Additionally, a big name can provide a vote of confidence to future investors and also increase a company’s attractiveness to world-class talent.

But instead of proactively trying to grow the startup, someone on a dozen or 20 boards may end up opting out due to lack of focus or simply lack of time. It may not be the end of the world when times are good, but when crisis hits and all hands are needed to steer the ship, a distracted or overly engaged board can hurt company performance. a company.

A key element of venture capital funding is the added value of experienced and knowledgeable investors, but if over-committed board members are unable to commit the necessary time, they may not be able to leverage their skills effectively to add that value.
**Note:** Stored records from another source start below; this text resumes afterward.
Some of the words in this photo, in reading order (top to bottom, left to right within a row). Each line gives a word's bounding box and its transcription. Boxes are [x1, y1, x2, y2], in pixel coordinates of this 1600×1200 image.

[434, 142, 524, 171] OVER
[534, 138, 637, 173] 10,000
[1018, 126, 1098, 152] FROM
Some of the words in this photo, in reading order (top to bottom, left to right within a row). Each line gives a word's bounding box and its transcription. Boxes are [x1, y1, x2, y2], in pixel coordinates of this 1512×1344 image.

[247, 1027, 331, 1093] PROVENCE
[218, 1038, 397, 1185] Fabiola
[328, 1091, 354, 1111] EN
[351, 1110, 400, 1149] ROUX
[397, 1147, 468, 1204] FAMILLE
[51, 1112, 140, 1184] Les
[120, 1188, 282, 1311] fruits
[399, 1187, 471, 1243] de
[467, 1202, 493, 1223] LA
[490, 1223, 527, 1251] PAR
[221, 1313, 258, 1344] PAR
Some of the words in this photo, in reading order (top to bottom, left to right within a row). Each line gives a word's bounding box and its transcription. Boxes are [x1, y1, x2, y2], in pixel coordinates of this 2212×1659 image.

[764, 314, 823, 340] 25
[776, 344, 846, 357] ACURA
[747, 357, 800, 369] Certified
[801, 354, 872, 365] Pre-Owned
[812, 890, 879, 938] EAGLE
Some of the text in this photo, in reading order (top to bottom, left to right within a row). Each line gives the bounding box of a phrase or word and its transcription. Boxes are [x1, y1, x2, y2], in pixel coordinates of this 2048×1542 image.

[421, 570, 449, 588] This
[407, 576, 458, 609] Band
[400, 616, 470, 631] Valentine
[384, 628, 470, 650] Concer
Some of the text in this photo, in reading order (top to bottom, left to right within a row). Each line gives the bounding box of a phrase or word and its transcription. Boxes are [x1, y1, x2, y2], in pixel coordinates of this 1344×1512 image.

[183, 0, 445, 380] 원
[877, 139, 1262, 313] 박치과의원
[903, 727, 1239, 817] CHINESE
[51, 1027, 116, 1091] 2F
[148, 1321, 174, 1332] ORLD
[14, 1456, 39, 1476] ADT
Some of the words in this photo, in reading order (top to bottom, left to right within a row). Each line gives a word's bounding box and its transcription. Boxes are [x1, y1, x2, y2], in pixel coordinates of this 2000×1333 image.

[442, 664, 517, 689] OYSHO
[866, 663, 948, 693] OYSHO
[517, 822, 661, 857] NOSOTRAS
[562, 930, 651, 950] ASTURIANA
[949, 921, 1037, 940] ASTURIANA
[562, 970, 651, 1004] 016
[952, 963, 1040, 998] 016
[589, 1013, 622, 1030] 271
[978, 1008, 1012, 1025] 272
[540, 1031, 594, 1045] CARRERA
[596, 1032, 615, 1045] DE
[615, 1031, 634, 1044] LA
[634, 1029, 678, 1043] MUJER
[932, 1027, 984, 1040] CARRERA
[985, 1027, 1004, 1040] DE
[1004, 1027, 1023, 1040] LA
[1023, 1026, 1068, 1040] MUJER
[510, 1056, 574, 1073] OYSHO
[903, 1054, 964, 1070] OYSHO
By spreading too thin, they can miss red flags with potentially disastrous results. For examples of what can happen when boards fail to pay close attention to growing startup problems, see Theranos, Uber, or WeWork.

Overboarding isn’t just bad for startups. It’s bad for the board members themselves. Let’s not forget that performing this role can be exhausting, increasing the risk of burnout. Of course, some companies will have dedicated portfolio teams that can do the work for board members in terms of gathering the necessary information about a company. But even so, with a mountain of startups to help govern in addition to other tasks as an investor, the difficulties of staying informed and uncovering each startup’s needs are obvious.

There is also evidence that a high number of board seats for startups is not always a good thing. A Correlation Ventures study analyzing exits in the United States from 1998 to 2017 found that startups with four or more VCs on the board underperformed even when vetted for investment stages, industry groups and periods. Companies without a board of directors have had the worst results, however, so this should not be used as an excuse to get rid of external governance altogether.

So how many board seats should an investor hold? Well, that depends.

Whether you are a member of the board of directors of a start-up or early-stage company, this will be taken into account. The more the startup grows and becomes established, the less support you will need to provide. If the startup is doing well and doesn’t need to pivot or restructure, then again, the services of a board member won’t be needed as much.

But the times ahead will test many businesses. Already last year, waves of layoffs swept through the tech sector and startups focused on nothing but growth had to change not only their practices but also their mentalities. Having a board member with experience and expertise – and the time to deploy them – is a big help in getting through tougher times.

So, when considering board composition, a few tips for startups: Treat a board seat like any other job. Allocation of a seat is neither a gift nor a reward, but should be approached in the same way as hiring for a leadership position. Choose people who have the skills and resources to serve your business and be clear about what you expect of them.

Having a big name on the board is great when it comes to future funding, but if that’s the only reason they’re in the job, then it’s a missed opportunity to bring in someone who could be more useful and more committed to the future of your business. . And do not hesitate to replace them if possible when they are not enough.